Money is Taboo
Posted on December 17th, 2008 in Family, Real Estate, Uncategorized | Leave A Comment
We’re told as we grow up that the three great conversational taboos are politics, religion, and sex, but in fact, people discuss these subjects all the time. No, the real taboo in our social discourse is money, as I was dramatically reminded this past summer.
My young son and I joined a bunch of old and new friends for a rafting/kayaking/ camping trip down the Klamath River. Of course, outdoor trips like this always speed up the process of intimacy; when you live together with others for five days—without obligations, without cell phones or PDAs, and sharing a latrine—you get to know them pretty well pretty fast. On this trip, the process moved even faster because of the forest fires that plagued northern California. The air was pungent with smoke, and the sun was always blocked, so there was a persistent sense of early dawn—a perfect setting for sharing our innermost truths, I’ve always thought.
Sarah and I had been acquaintances before the trip—my son and her daughter were pals from school—but on this trip, we grew really close. Although the fire danger meant there was a ban on campfires, we nevertheless sat and talked each evening, hunkered down in our low-slung camp chairs, our muscles weary, our kids safely in their tents. We talked about our past and present marriages, politics, religion, health, and our kids, sharing our concerns and vulnerabilities about each of these topics. It quickly became clear that ours was one of those friendships in which any subject could be fully explored.
As the trip grew to a close, we adults began to think and talk about tipping the wonderful river guides who had kept us safe through the Class 3 and 4 rapids. So on the last night, as we were settling into our camp chairs, I said to Sarah: “Have you thought about the tip? I’m thinking of giving a hundred bucks. What are you going to give?”
In the orange glow from the fires 30 miles west of us, I could see the look of stunned astonishment on Sarah’s face. “Oh,” she said, “I don’t feel comfortable discussing that.”
And that door slammed shut.
What is this?
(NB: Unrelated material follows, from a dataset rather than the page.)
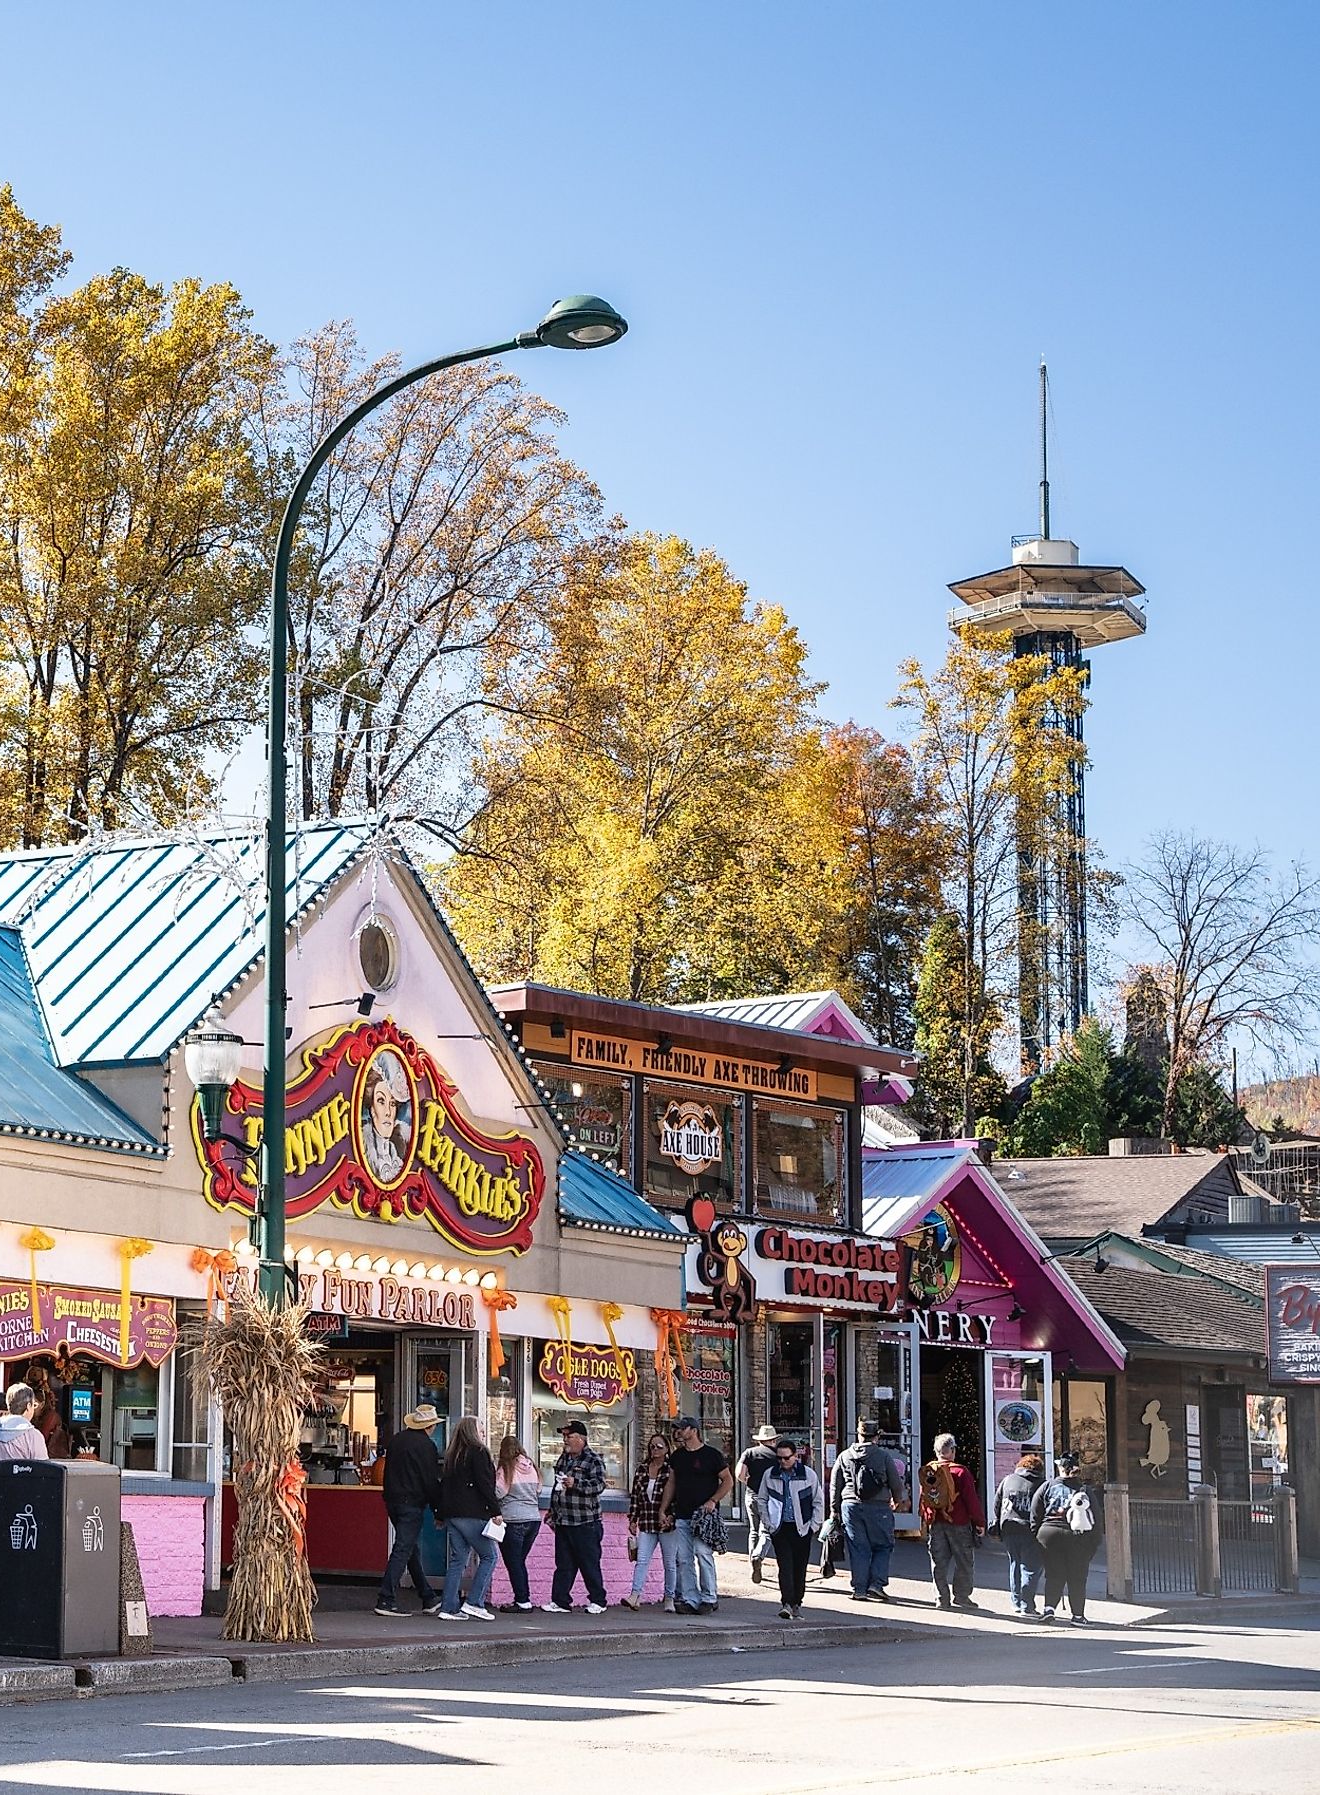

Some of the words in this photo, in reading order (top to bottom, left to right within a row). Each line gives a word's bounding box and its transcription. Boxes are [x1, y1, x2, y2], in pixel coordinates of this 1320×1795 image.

Why is money a blacklisted subject we hide behind a veil of secrecy as if we and our money were in some sinister conspiracy together? What made Sarah shut down? After all, I hadn’t asked her how much money she had in the bank or what her bonus had been last year. Nor had I suggested she tell me how many boyfriends she’d had in college or what her SAT scores had been. And the fact is that Sarah had told me some pretty private stuff about a rough patch in her marriage and about her own family history. That she could speak freely about such deeply personal matters made it even odder that she would shut down like a clam when asked what she planned to tip the next day.
What I can’t figure out is why. What makes people so uncomfortable talking about money? My guess is we see money as a measurement of our identity—and thus as a wedge that can separate us. That is, the person who “measures up” higher—i.e., with more money—feels he has to protect what he has from the person who measures up lower, while the person who measures up lower feels in danger of being exploited. I don’t know if that’s it, but when Sarah and I finally talked about her response to me, she said it was because she had indeed planned to give more than I was giving, and the difference—the separation it might define—made her anxious.
But if I don’t know exactly why we clam up about money, I do know the impact of all the secrecy: stress. And that stress makes us do stupid things in our money lives. It takes away clarity about money and cuts us off from any wisdom we might bring to our money lives. It leads us instead into a money madness that impels us toward dumb decisions about earning, spending, saving, investing, and giving money. In my own family, my father and his sister had been estranged for the last 30 years of their lives over a money secret!
I’ve been there too. I’m the guy who could talk a blue streak about my sexual history on the second date with the woman who became my wife—but for the first three years of our marriage never said a word about our assets, our debts, my income or possessions. Those were the conversational taboos I stuck to. And the dumb decisions I made as a result of that madness-driven secrecy were very costly indeed.
Yes, there are good reasons for keeping certain aspects of your money life private, but I think we’ve gone too far on the secrecy side. The money taboo has become so automatic that we no longer have a choice about whether to share or not to share details of our money life; it’s just not an option anymore. Yet most of the time, a secret or lie about money causes us stress, loses us money, and diminishes our intimacy with friends and family. That’s enough motivation for me to re-think what is the real conversational taboo—money talk.